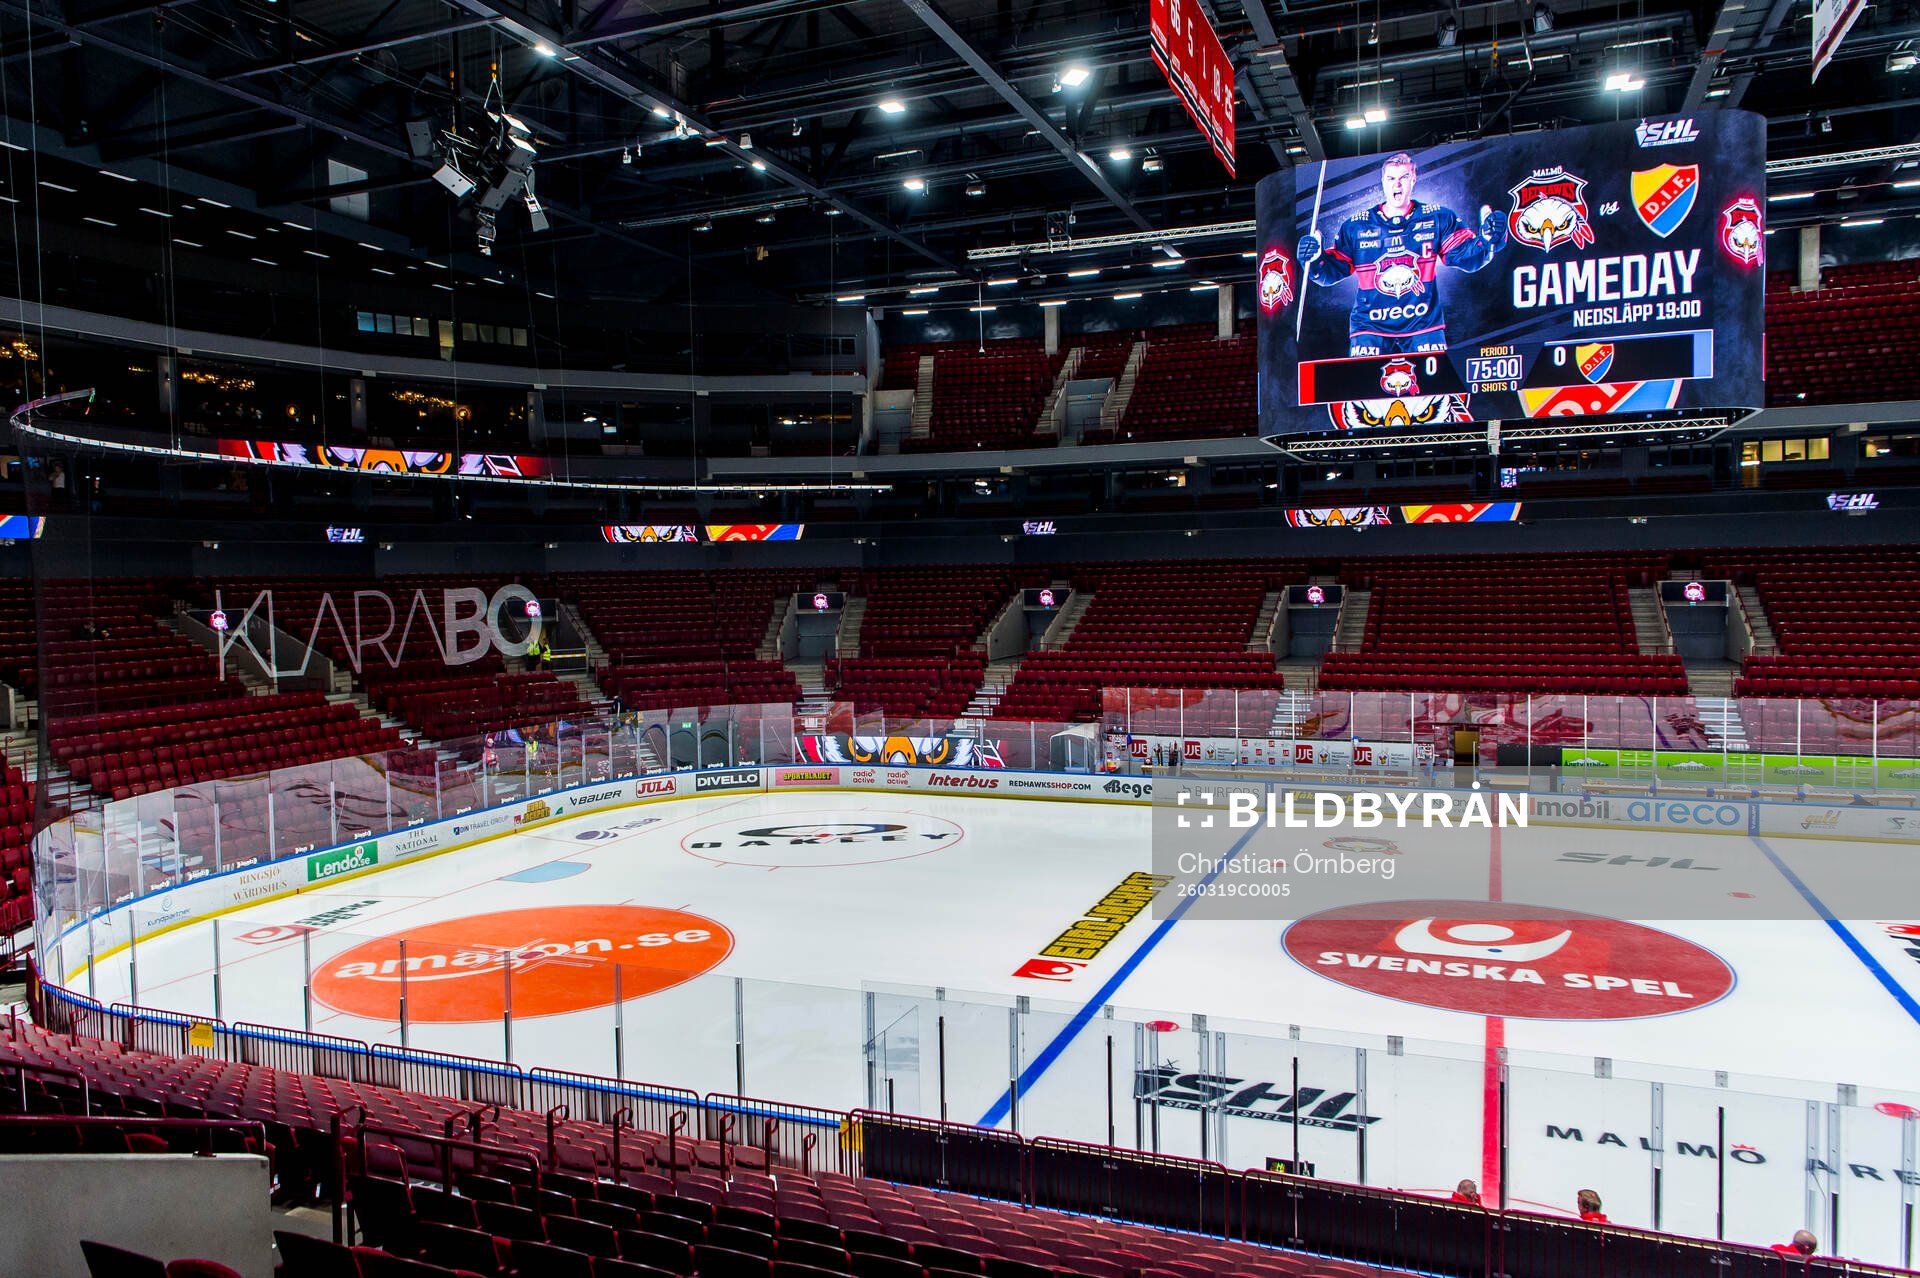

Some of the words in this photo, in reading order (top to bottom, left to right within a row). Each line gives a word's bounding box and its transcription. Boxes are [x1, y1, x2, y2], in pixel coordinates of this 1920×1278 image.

[1644, 118, 1700, 142] SHL
[1532, 164, 1563, 178] MALMÖ
[1644, 173, 1692, 216] D.I.F.
[1422, 241, 1433, 259] C
[1513, 248, 1702, 309] GAMEDAY
[1369, 302, 1429, 321] areco
[1573, 303, 1654, 328] NEDSLÄPP
[1656, 299, 1702, 321] 19:00
[1351, 345, 1380, 357] MAXI
[1480, 345, 1508, 357] PERIOD
[1509, 345, 1514, 355] 1
[1553, 346, 1566, 367] 0
[1425, 356, 1438, 376] 0
[1471, 358, 1519, 380] 75:00
[1471, 383, 1479, 394] 0
[1481, 381, 1508, 393] SHOTS
[1510, 380, 1518, 392] 0
[1835, 493, 1880, 506] SHL
[333, 527, 365, 540] SHL
[1028, 521, 1057, 532] SHL
[215, 583, 542, 682] KLARABO
[637, 780, 675, 795] JULA
[697, 773, 758, 787] DIVELLO
[853, 776, 876, 784] active
[886, 777, 909, 785] active
[928, 773, 1000, 789] Interbus
[1008, 780, 1092, 791] REDHAWKSSHOP.COM
[578, 789, 622, 806] BAUER
[1626, 799, 1741, 827] areco
[395, 834, 439, 852] NATIONAL
[408, 829, 426, 839] THE
[690, 833, 951, 849] OAKLEY
[315, 851, 371, 878] Lendo.se
[1554, 852, 1721, 871] SHL
[239, 867, 281, 886] RINGSJÖ
[232, 880, 289, 902] WÄRDSHUS
[335, 928, 712, 980] amazon.se
[1316, 951, 1546, 985] SVENSKA
[1562, 972, 1695, 999] SPEL
[1158, 1073, 1383, 1125] SHL
[1545, 1124, 1767, 1165] MALMÖ
====
=== Task statement ===
Each record has to be set down verbatim, and the pictures must not appear in the copy.

=== Solution to the exercise ===
Some of the words in this photo, in reading order (top to bottom, left to right within a row). Each line gives a word's bounding box and its transcription. Boxes are [x1, y1, x2, y2], in pixel coordinates of this 1920×1278 image.

[1644, 118, 1700, 142] SHL
[1532, 164, 1563, 178] MALMÖ
[1644, 173, 1692, 216] D.I.F.
[1422, 241, 1433, 259] C
[1513, 248, 1702, 309] GAMEDAY
[1369, 302, 1429, 321] areco
[1573, 303, 1654, 328] NEDSLÄPP
[1656, 299, 1702, 321] 19:00
[1351, 345, 1380, 357] MAXI
[1480, 345, 1508, 357] PERIOD
[1509, 345, 1514, 355] 1
[1553, 346, 1566, 367] 0
[1425, 356, 1438, 376] 0
[1471, 358, 1519, 380] 75:00
[1471, 383, 1479, 394] 0
[1481, 381, 1508, 393] SHOTS
[1510, 380, 1518, 392] 0
[1835, 493, 1880, 506] SHL
[333, 527, 365, 540] SHL
[1028, 521, 1057, 532] SHL
[215, 583, 542, 682] KLARABO
[637, 780, 675, 795] JULA
[697, 773, 758, 787] DIVELLO
[853, 776, 876, 784] active
[886, 777, 909, 785] active
[928, 773, 1000, 789] Interbus
[1008, 780, 1092, 791] REDHAWKSSHOP.COM
[578, 789, 622, 806] BAUER
[1626, 799, 1741, 827] areco
[395, 834, 439, 852] NATIONAL
[408, 829, 426, 839] THE
[690, 833, 951, 849] OAKLEY
[315, 851, 371, 878] Lendo.se
[1554, 852, 1721, 871] SHL
[239, 867, 281, 886] RINGSJÖ
[232, 880, 289, 902] WÄRDSHUS
[335, 928, 712, 980] amazon.se
[1316, 951, 1546, 985] SVENSKA
[1562, 972, 1695, 999] SPEL
[1158, 1073, 1383, 1125] SHL
[1545, 1124, 1767, 1165] MALMÖ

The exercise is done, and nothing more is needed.